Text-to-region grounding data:
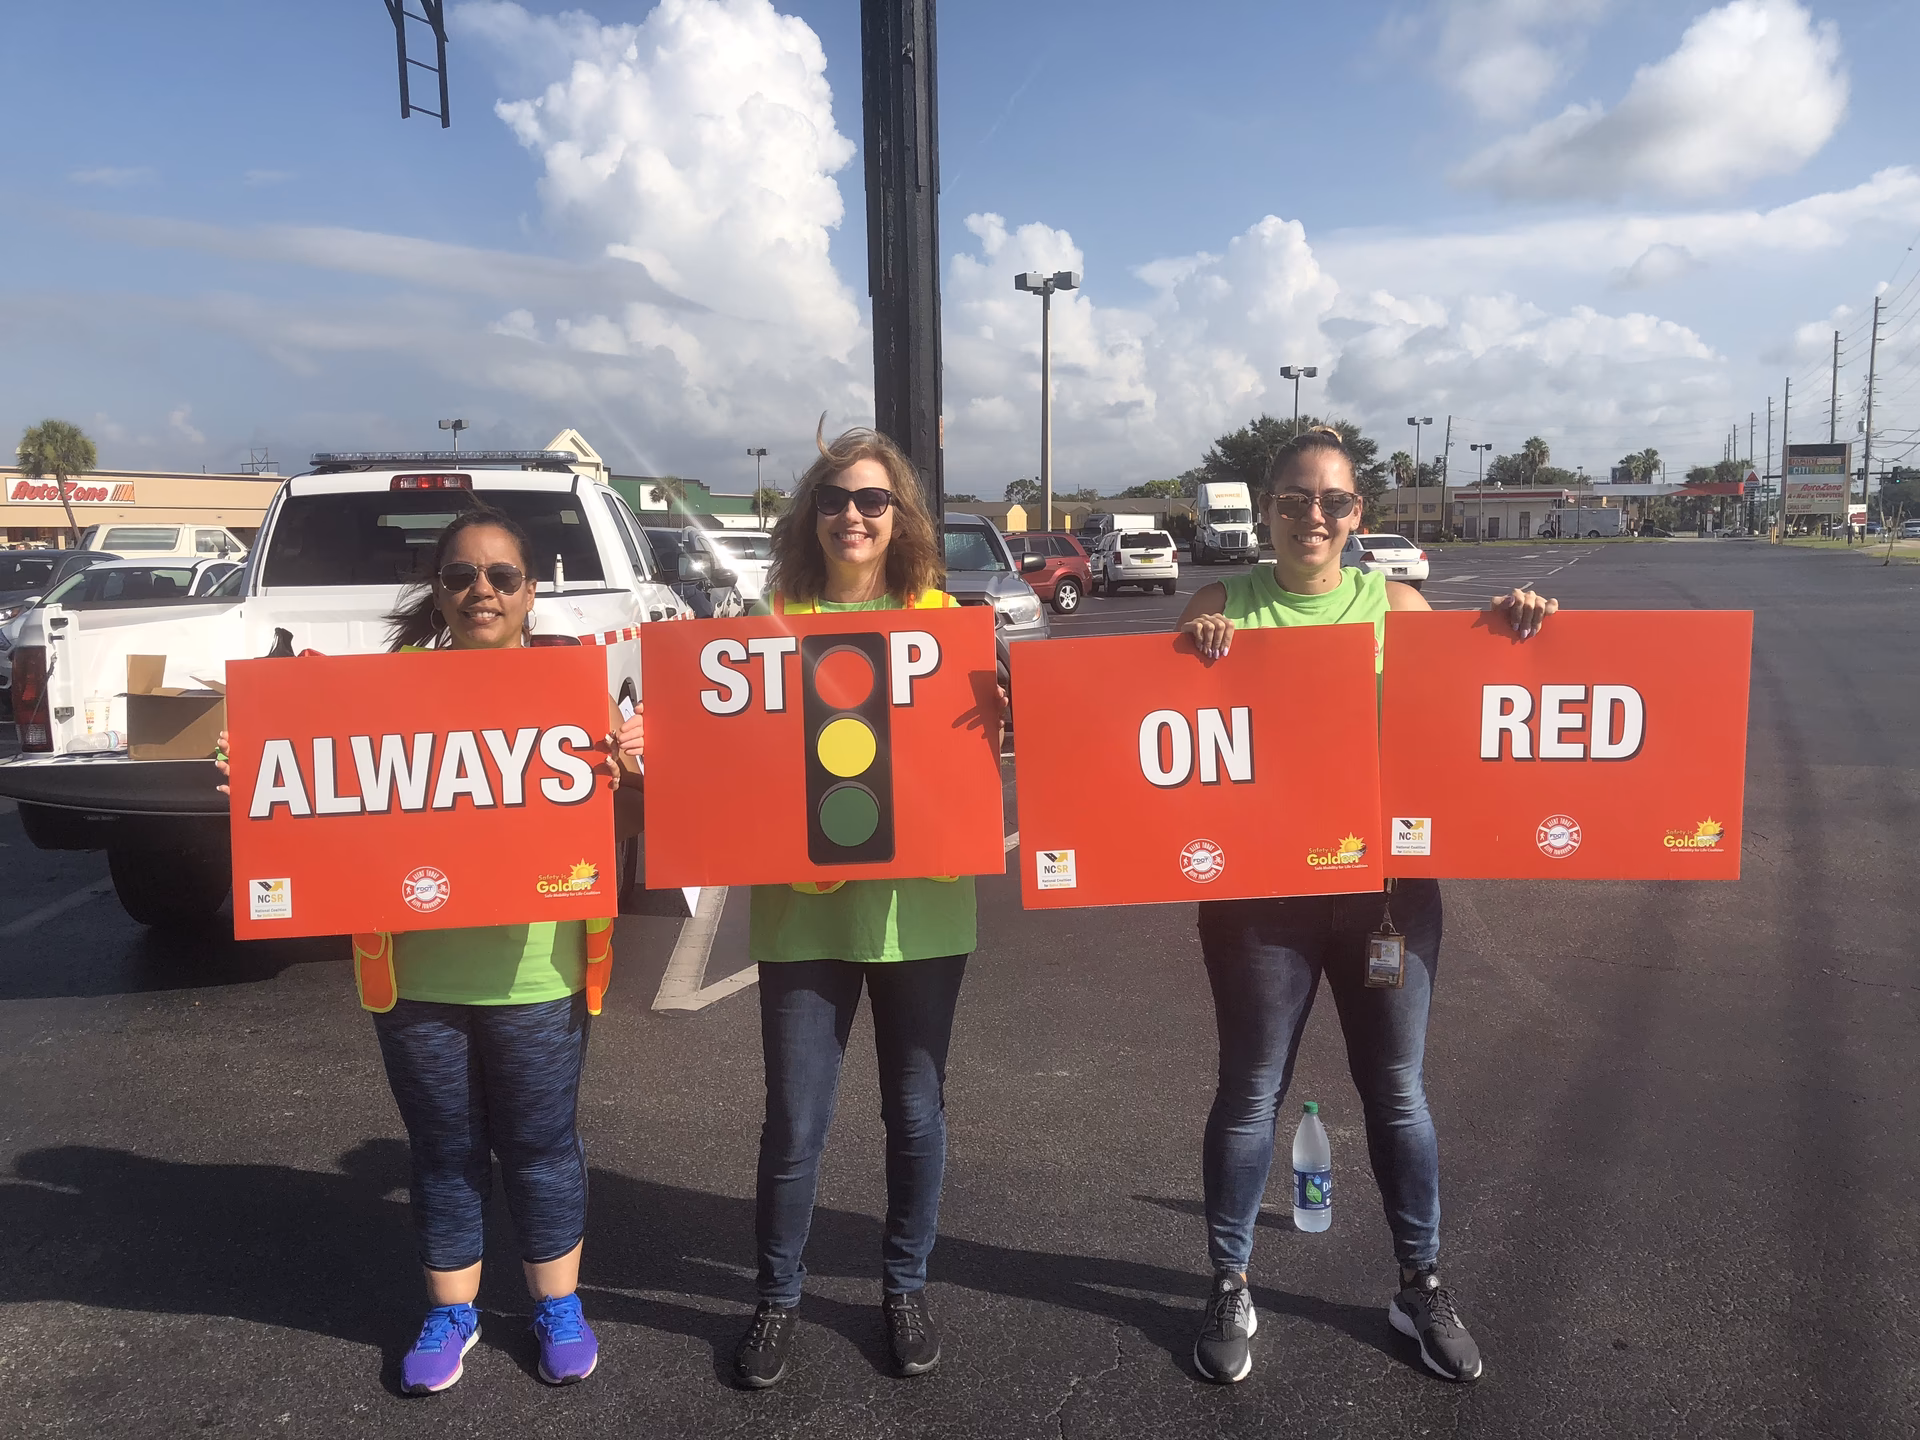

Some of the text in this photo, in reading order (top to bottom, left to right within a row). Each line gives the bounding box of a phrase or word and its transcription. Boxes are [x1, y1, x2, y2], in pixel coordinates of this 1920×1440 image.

[11, 481, 109, 502] AutoZone
[1480, 684, 1646, 763] RED
[1138, 706, 1256, 788] ON
[249, 724, 596, 820] ALWAYS
[1398, 832, 1424, 841] NCSR
[1663, 834, 1717, 848] Golden
[1306, 852, 1359, 866] Golden
[1043, 865, 1069, 874] NCSR
[536, 879, 592, 894] Golden
[257, 893, 284, 904] NCSR
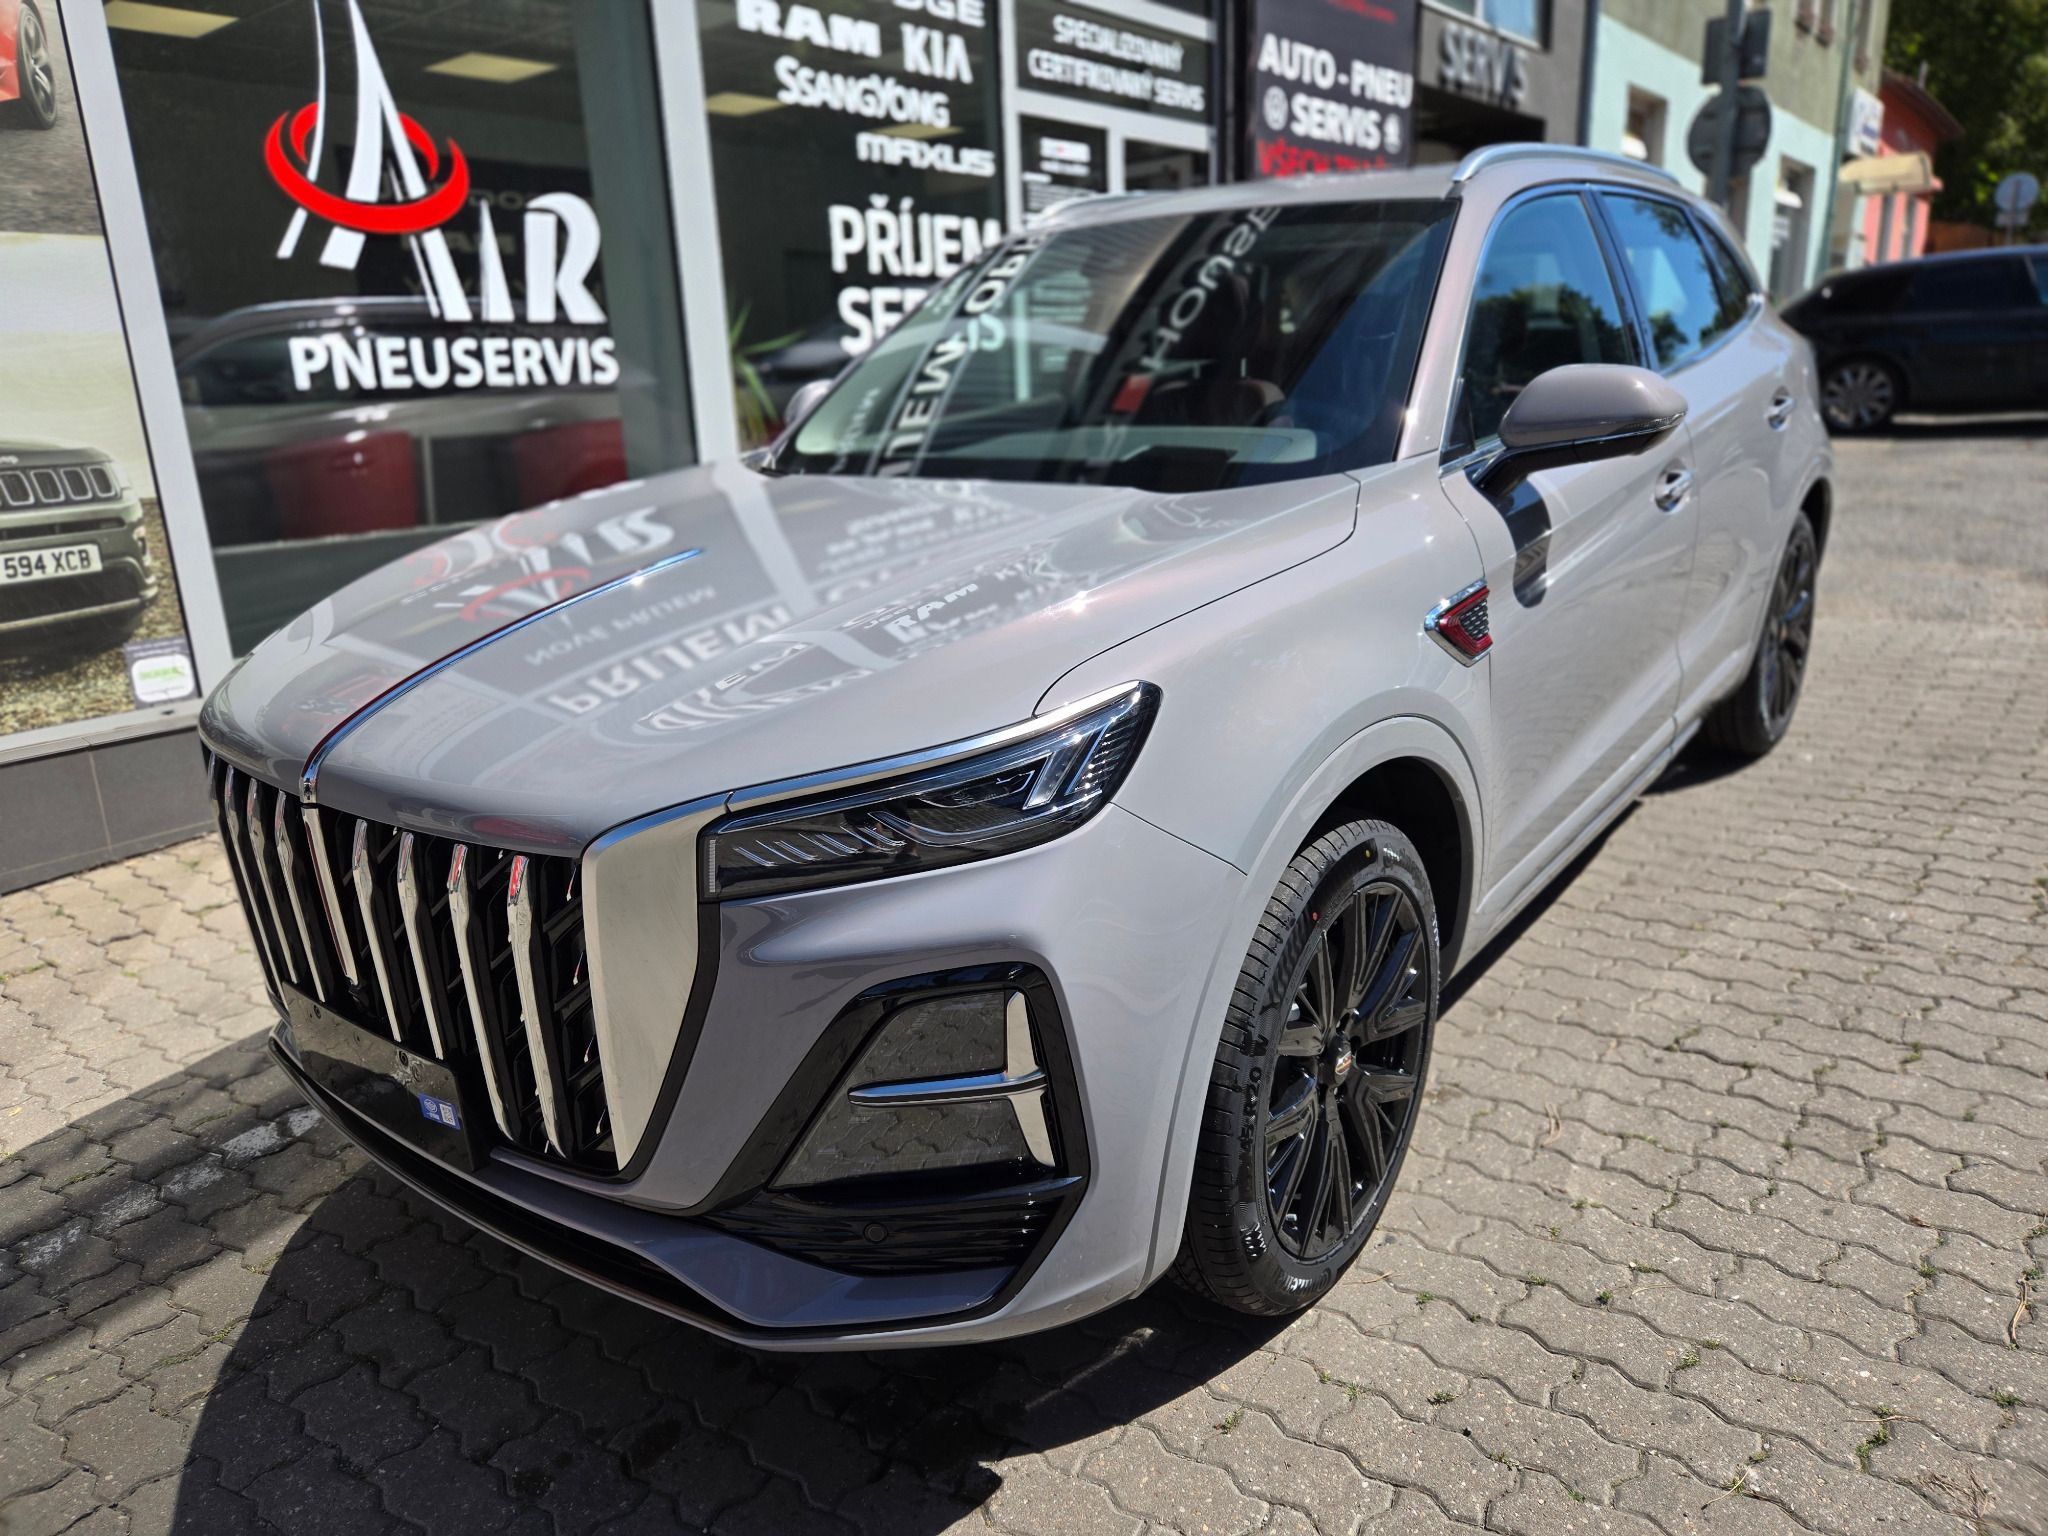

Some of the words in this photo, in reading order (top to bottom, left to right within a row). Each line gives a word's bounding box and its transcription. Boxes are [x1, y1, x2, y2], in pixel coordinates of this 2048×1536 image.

### Work order
All of the lines above should be printed exactly, minus the pictures.

### Solution for this problem
Some of the text in this photo, in reading order (top to bottom, left to right within a row). Each line gives the bounding box of a phrase or word and its transcription. Boxes are [x1, y1, x2, y2], in pixel coordinates of this 1920×1440 image.

[11, 481, 109, 502] AutoZone
[1480, 684, 1646, 763] RED
[1138, 706, 1256, 788] ON
[249, 724, 596, 820] ALWAYS
[1398, 832, 1424, 841] NCSR
[1663, 834, 1717, 848] Golden
[1306, 852, 1359, 866] Golden
[1043, 865, 1069, 874] NCSR
[536, 879, 592, 894] Golden
[257, 893, 284, 904] NCSR

Some of the words in this photo, in reading order (top to bottom, left to right within a row). Each line gives a word's bounding box and its transcription. Boxes are [x1, y1, x2, y2], in pixel coordinates of this 2048×1536 image.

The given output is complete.